### Task directions
Exact transcription of the following records is needed, with every picture dropped.

### The records
◇ ◇ ◇ ◇ ◇
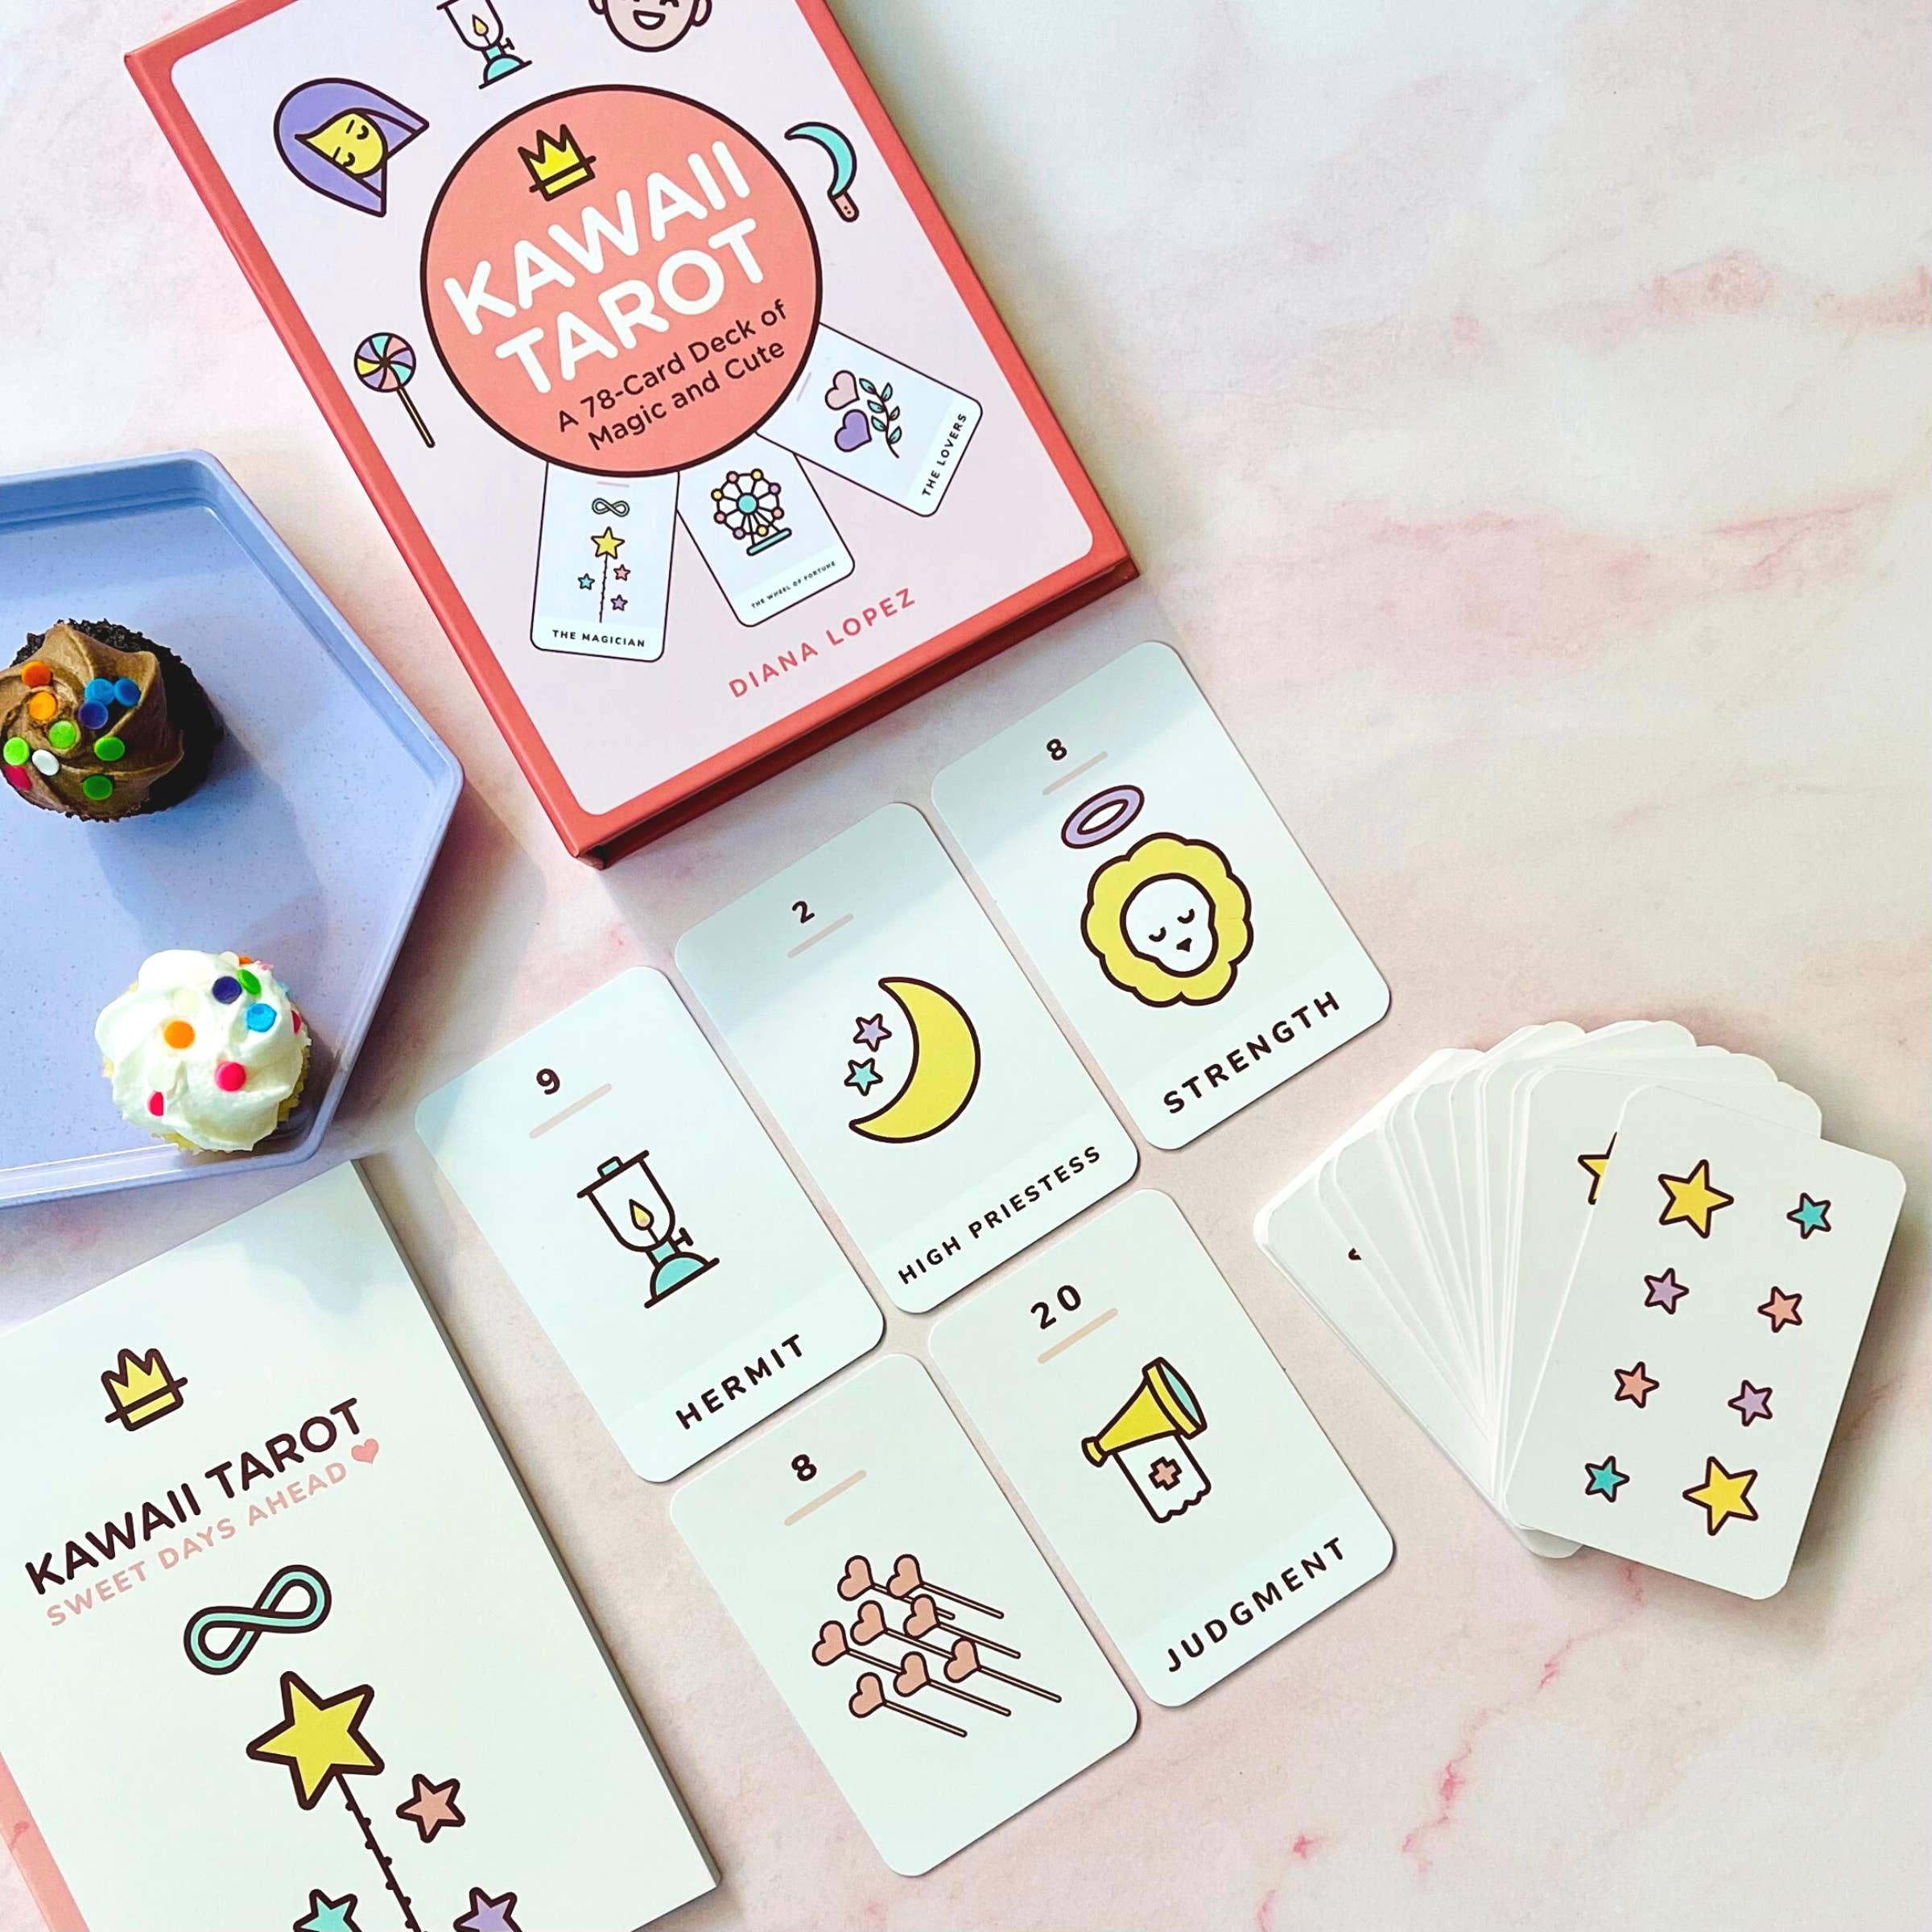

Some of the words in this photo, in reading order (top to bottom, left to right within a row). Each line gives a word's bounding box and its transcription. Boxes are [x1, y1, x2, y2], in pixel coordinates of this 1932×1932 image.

[444, 141, 750, 335] KAWAII
[495, 218, 764, 394] TAROT
[558, 410, 580, 432] A
[580, 347, 686, 419] 78-Card
[688, 317, 757, 364] Deck
[761, 299, 787, 331] of
[588, 399, 667, 451] Magic
[674, 372, 720, 410] and
[724, 342, 786, 383] Cute
[922, 469, 939, 497] THE
[936, 413, 967, 465] LOVERS
[551, 629, 578, 642] THE
[582, 632, 646, 648] MAGICIAN
[751, 599, 766, 609] THE
[766, 585, 791, 600] WHEEL
[793, 579, 802, 587] OF
[803, 560, 836, 580] FORTUNE
[729, 642, 819, 698] DIANA
[825, 587, 916, 646] LOPEZ
[1046, 738, 1067, 762] 8
[792, 900, 815, 923] 2
[536, 1067, 560, 1096] 9
[1163, 990, 1340, 1115] STRENGTH
[898, 1236, 961, 1285] HIGH
[968, 1146, 1101, 1239] PRIESTESS
[1030, 1285, 1082, 1330] 20
[675, 1333, 803, 1430] HERMIT
[25, 1483, 201, 1596] KAWAII
[204, 1397, 360, 1499] TAROT
[791, 1453, 817, 1482] 8
[46, 1560, 148, 1626] SWEET
[158, 1517, 236, 1571] DAYS
[248, 1462, 347, 1526] AHEAD
[1168, 1537, 1344, 1673] JUDGMENT
◇ ◇ ◇ ◇ ◇
### Exercise answer
Some of the words in this photo, in reading order (top to bottom, left to right within a row). Each line gives a word's bounding box and its transcription. Boxes are [x1, y1, x2, y2], in pixel coordinates of this 1932×1932 image.

[444, 141, 750, 335] KAWAII
[495, 218, 764, 394] TAROT
[558, 410, 580, 432] A
[580, 347, 686, 419] 78-Card
[688, 317, 757, 364] Deck
[761, 299, 787, 331] of
[588, 399, 667, 451] Magic
[674, 372, 720, 410] and
[724, 342, 786, 383] Cute
[922, 469, 939, 497] THE
[936, 413, 967, 465] LOVERS
[551, 629, 578, 642] THE
[582, 632, 646, 648] MAGICIAN
[751, 599, 766, 609] THE
[766, 585, 791, 600] WHEEL
[793, 579, 802, 587] OF
[803, 560, 836, 580] FORTUNE
[729, 642, 819, 698] DIANA
[825, 587, 916, 646] LOPEZ
[1046, 738, 1067, 762] 8
[792, 900, 815, 923] 2
[536, 1067, 560, 1096] 9
[1163, 990, 1340, 1115] STRENGTH
[898, 1236, 961, 1285] HIGH
[968, 1146, 1101, 1239] PRIESTESS
[1030, 1285, 1082, 1330] 20
[675, 1333, 803, 1430] HERMIT
[25, 1483, 201, 1596] KAWAII
[204, 1397, 360, 1499] TAROT
[791, 1453, 817, 1482] 8
[46, 1560, 148, 1626] SWEET
[158, 1517, 236, 1571] DAYS
[248, 1462, 347, 1526] AHEAD
[1168, 1537, 1344, 1673] JUDGMENT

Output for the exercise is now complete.